• _Task prompt_
For every record below, write out an exact copy.

• _Exercise data_
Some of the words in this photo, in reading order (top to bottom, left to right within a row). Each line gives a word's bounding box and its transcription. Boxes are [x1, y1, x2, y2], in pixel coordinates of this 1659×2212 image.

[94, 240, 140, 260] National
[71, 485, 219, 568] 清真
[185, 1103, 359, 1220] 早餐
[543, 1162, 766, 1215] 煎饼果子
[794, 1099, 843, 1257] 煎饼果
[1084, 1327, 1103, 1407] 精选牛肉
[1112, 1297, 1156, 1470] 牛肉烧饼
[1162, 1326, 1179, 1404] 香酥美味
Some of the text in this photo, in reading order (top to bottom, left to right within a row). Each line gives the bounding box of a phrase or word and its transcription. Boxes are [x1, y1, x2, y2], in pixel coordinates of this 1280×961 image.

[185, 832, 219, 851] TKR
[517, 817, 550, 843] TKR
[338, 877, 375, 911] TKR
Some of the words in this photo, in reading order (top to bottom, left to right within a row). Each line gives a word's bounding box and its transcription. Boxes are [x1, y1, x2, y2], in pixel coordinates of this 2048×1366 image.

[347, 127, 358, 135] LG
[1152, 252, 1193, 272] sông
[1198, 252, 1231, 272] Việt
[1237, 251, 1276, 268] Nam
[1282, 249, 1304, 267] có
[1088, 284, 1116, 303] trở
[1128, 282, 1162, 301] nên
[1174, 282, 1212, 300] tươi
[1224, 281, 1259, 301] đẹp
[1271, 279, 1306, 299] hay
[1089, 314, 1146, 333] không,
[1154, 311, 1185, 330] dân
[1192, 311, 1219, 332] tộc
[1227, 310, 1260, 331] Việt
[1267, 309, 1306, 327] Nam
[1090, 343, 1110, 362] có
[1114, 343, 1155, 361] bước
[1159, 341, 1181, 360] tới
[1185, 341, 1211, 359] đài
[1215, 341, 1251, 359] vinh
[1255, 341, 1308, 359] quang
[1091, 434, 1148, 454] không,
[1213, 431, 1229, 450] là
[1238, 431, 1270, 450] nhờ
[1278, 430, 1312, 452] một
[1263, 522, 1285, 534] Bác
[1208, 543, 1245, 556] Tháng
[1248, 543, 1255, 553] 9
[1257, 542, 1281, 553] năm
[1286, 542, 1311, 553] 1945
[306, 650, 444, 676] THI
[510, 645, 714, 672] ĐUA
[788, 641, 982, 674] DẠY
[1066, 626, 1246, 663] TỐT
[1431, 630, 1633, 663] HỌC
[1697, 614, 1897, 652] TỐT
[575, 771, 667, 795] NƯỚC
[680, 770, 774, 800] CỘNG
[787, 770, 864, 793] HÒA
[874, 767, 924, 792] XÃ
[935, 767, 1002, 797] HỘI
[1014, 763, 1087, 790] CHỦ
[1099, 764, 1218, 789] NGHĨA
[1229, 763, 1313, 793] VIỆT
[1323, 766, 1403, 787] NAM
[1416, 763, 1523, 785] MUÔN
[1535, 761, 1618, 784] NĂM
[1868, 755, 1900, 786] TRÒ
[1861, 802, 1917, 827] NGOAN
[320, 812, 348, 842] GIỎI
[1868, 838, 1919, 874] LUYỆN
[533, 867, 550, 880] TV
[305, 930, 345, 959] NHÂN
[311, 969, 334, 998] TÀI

• _Response to the task_
Some of the words in this photo, in reading order (top to bottom, left to right within a row). Each line gives a word's bounding box and its transcription. Boxes are [x1, y1, x2, y2], in pixel coordinates of this 1659×2212 image.

[94, 240, 140, 260] National
[71, 485, 219, 568] 清真
[185, 1103, 359, 1220] 早餐
[543, 1162, 766, 1215] 煎饼果子
[794, 1099, 843, 1257] 煎饼果
[1084, 1327, 1103, 1407] 精选牛肉
[1112, 1297, 1156, 1470] 牛肉烧饼
[1162, 1326, 1179, 1404] 香酥美味
Some of the text in this photo, in reading order (top to bottom, left to right within a row). Each line gives the bounding box of a phrase or word and its transcription. Boxes are [x1, y1, x2, y2], in pixel coordinates of this 1280×961 image.

[185, 832, 219, 851] TKR
[517, 817, 550, 843] TKR
[338, 877, 375, 911] TKR
Some of the words in this photo, in reading order (top to bottom, left to right within a row). Each line gives a word's bounding box and its transcription. Boxes are [x1, y1, x2, y2], in pixel coordinates of this 2048×1366 image.

[347, 127, 358, 135] LG
[1152, 252, 1193, 272] sông
[1198, 252, 1231, 272] Việt
[1237, 251, 1276, 268] Nam
[1282, 249, 1304, 267] có
[1088, 284, 1116, 303] trở
[1128, 282, 1162, 301] nên
[1174, 282, 1212, 300] tươi
[1224, 281, 1259, 301] đẹp
[1271, 279, 1306, 299] hay
[1089, 314, 1146, 333] không,
[1154, 311, 1185, 330] dân
[1192, 311, 1219, 332] tộc
[1227, 310, 1260, 331] Việt
[1267, 309, 1306, 327] Nam
[1090, 343, 1110, 362] có
[1114, 343, 1155, 361] bước
[1159, 341, 1181, 360] tới
[1185, 341, 1211, 359] đài
[1215, 341, 1251, 359] vinh
[1255, 341, 1308, 359] quang
[1091, 434, 1148, 454] không,
[1213, 431, 1229, 450] là
[1238, 431, 1270, 450] nhờ
[1278, 430, 1312, 452] một
[1263, 522, 1285, 534] Bác
[1208, 543, 1245, 556] Tháng
[1248, 543, 1255, 553] 9
[1257, 542, 1281, 553] năm
[1286, 542, 1311, 553] 1945
[306, 650, 444, 676] THI
[510, 645, 714, 672] ĐUA
[788, 641, 982, 674] DẠY
[1066, 626, 1246, 663] TỐT
[1431, 630, 1633, 663] HỌC
[1697, 614, 1897, 652] TỐT
[575, 771, 667, 795] NƯỚC
[680, 770, 774, 800] CỘNG
[787, 770, 864, 793] HÒA
[874, 767, 924, 792] XÃ
[935, 767, 1002, 797] HỘI
[1014, 763, 1087, 790] CHỦ
[1099, 764, 1218, 789] NGHĨA
[1229, 763, 1313, 793] VIỆT
[1323, 766, 1403, 787] NAM
[1416, 763, 1523, 785] MUÔN
[1535, 761, 1618, 784] NĂM
[1868, 755, 1900, 786] TRÒ
[1861, 802, 1917, 827] NGOAN
[320, 812, 348, 842] GIỎI
[1868, 838, 1919, 874] LUYỆN
[533, 867, 550, 880] TV
[305, 930, 345, 959] NHÂN
[311, 969, 334, 998] TÀI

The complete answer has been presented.